LARAMIE – Given that he had roughly 10 minutes to prepare himself for what would inevitably be among the toughest moments of his coaching career, it was probably for the best Mark Branch didn’t have time to prepare a speech.
Branch has been the University of Wyoming’s head wrestling coach for 12 years. He’s seen it all, both in his time as a coach and as a national championship wrestler at Oklahoma State. He and five of his wrestlers were set to head to the NCAA championships Tuesday, an annual rite of passage for the best athletes in the sport.
But last Thursday, in a day that will forever be etched in everyone’s memory, the NCAA made the decision to cancel all of its spring sports and championships — wrestling included — due to the fear of the spread of COVID-19.
The day started with news that the NCAA tournament, affectionately known as March Madness, would be held without fans.
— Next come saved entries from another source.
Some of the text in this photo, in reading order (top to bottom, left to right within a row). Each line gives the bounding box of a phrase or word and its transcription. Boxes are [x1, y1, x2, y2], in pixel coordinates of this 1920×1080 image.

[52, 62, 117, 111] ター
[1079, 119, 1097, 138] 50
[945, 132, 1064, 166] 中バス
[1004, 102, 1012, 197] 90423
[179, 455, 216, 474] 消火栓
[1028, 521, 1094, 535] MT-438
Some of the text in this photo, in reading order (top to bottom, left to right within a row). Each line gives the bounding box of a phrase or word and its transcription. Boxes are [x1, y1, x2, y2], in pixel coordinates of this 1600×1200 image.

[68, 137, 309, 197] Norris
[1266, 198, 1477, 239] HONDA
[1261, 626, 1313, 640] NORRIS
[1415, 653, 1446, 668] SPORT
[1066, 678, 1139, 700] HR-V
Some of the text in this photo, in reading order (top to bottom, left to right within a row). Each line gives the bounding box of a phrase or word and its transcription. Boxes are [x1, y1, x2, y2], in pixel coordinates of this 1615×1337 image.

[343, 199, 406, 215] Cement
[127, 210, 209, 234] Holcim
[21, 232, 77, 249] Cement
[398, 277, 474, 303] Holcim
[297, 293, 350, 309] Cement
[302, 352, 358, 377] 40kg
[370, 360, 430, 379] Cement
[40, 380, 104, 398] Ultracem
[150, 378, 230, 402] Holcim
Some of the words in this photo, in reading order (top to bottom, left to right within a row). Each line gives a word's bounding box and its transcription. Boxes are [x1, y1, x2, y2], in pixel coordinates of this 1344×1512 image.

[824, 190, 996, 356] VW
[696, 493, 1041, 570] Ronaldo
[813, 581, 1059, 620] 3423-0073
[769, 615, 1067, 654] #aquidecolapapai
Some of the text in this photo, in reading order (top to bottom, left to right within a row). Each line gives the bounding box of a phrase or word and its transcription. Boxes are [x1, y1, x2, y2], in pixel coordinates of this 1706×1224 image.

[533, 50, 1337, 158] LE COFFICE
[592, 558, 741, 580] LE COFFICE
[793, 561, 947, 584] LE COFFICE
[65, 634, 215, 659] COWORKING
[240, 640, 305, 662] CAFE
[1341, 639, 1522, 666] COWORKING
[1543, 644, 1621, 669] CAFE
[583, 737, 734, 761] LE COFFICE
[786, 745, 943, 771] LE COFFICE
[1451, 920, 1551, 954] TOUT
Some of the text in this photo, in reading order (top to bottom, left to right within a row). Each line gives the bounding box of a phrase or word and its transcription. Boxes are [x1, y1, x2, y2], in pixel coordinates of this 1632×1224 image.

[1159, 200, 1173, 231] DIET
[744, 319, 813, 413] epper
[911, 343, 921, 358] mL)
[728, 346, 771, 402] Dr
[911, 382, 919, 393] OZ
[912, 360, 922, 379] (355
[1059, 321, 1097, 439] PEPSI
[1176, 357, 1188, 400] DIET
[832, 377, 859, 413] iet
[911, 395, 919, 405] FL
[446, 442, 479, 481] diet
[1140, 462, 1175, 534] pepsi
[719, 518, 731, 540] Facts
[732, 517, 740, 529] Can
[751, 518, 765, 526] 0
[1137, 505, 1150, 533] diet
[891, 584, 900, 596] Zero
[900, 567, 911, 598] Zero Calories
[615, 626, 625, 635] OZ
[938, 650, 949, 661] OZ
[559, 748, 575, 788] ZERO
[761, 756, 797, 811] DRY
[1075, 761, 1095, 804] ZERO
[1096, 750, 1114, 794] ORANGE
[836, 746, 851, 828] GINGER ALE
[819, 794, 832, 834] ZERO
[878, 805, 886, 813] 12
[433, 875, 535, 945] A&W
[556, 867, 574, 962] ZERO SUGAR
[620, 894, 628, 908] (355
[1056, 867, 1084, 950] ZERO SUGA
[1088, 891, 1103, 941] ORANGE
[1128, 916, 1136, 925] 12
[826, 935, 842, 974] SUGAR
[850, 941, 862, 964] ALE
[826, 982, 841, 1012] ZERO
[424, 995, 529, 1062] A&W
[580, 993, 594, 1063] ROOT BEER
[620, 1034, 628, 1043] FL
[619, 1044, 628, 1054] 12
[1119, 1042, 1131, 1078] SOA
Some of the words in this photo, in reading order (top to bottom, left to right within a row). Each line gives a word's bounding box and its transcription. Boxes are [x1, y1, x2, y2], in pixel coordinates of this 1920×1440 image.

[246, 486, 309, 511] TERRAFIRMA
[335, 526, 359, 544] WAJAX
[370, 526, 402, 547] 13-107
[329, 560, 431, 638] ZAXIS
A few hours later, it was canceled altogether. Branch, while optimistic, was aware it was possible his beloved sport could be impacted.
At 2:30 p.m. that day, Branch received the message: the NCAA was effectively shutting down for the school year. The Mountain West followed suit, initially suspending sports before shutting down all competition. Branch called a meeting with his team for 2:40 p.m.; the team had a practice scheduled for 3 p.m. in preparation for the championships.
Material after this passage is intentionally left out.